**DATASET RECORDS**
__________________________________________________

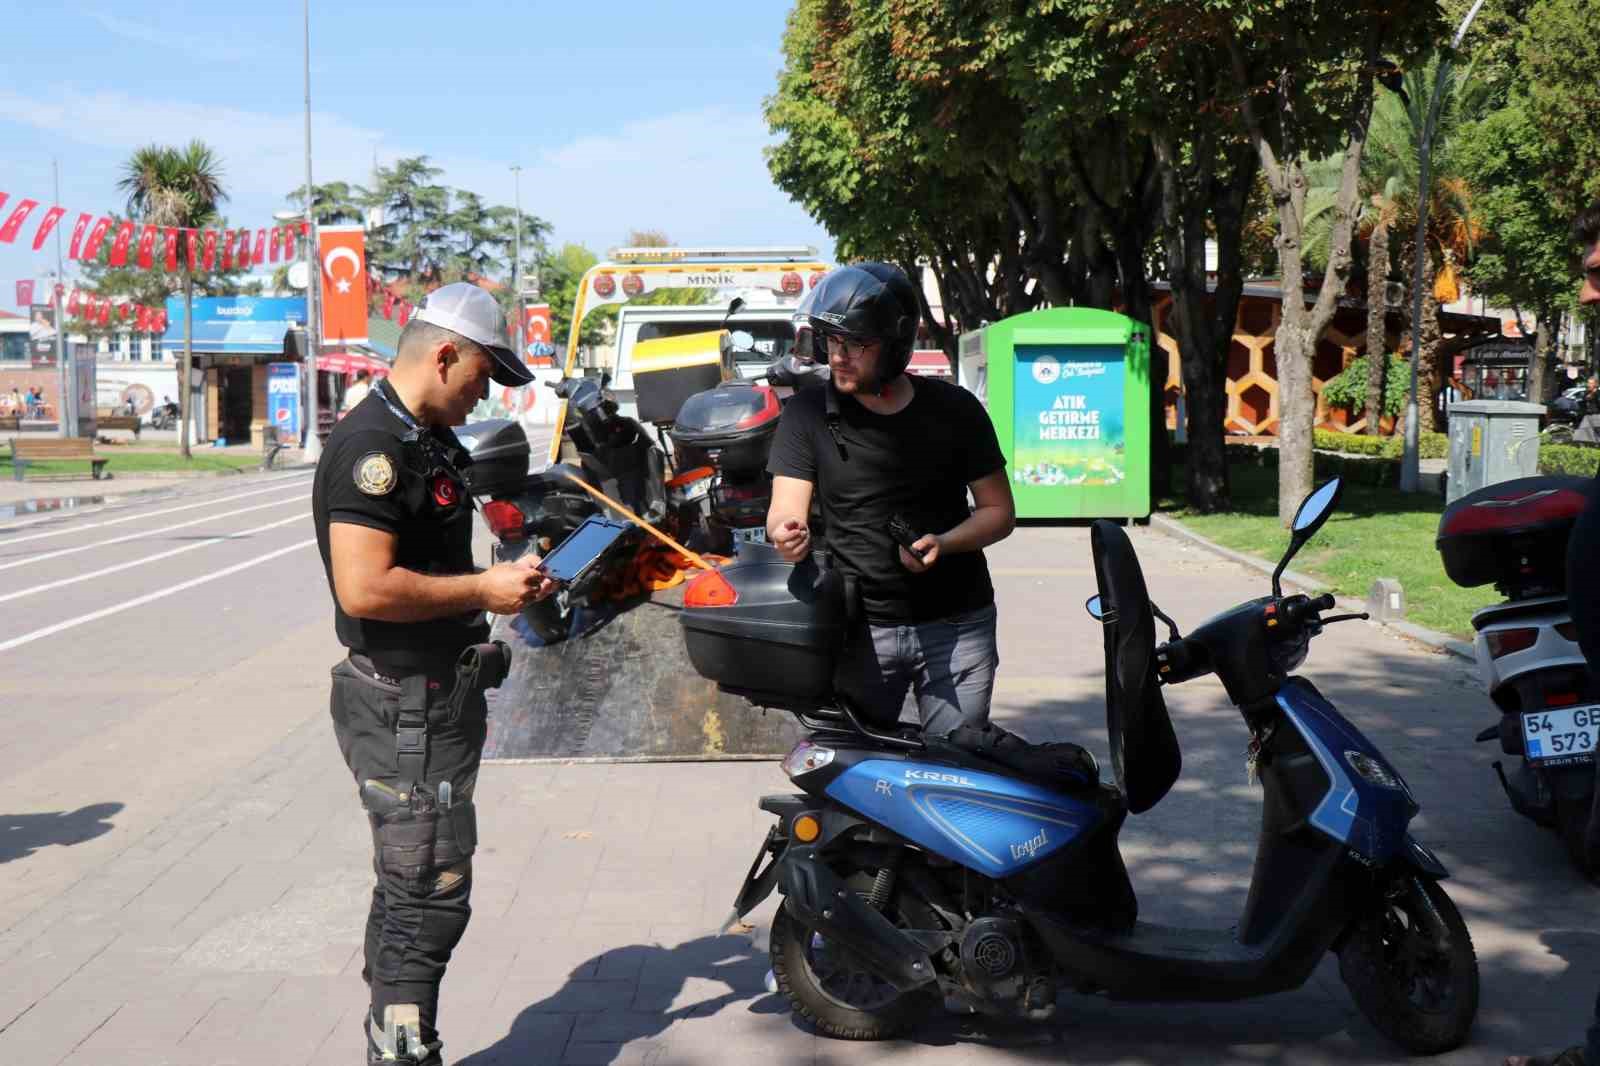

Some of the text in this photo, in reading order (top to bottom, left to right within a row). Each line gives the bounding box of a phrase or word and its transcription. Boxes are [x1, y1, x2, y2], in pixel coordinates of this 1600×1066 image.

[1053, 394, 1086, 410] ATIK
[1526, 714, 1553, 733] 54
[1551, 731, 1591, 752] 573
[1009, 827, 1049, 861] Loyal

__________________________________________________

Please retype every entry above exactly, leaving out any picture.

**TASK RESULT**
Some of the text in this photo, in reading order (top to bottom, left to right within a row). Each line gives the bounding box of a phrase or word and its transcription. Boxes are [x1, y1, x2, y2], in pixel coordinates of this 1600×1066 image.

[1053, 394, 1086, 410] ATIK
[1526, 714, 1553, 733] 54
[1551, 731, 1591, 752] 573
[1009, 827, 1049, 861] Loyal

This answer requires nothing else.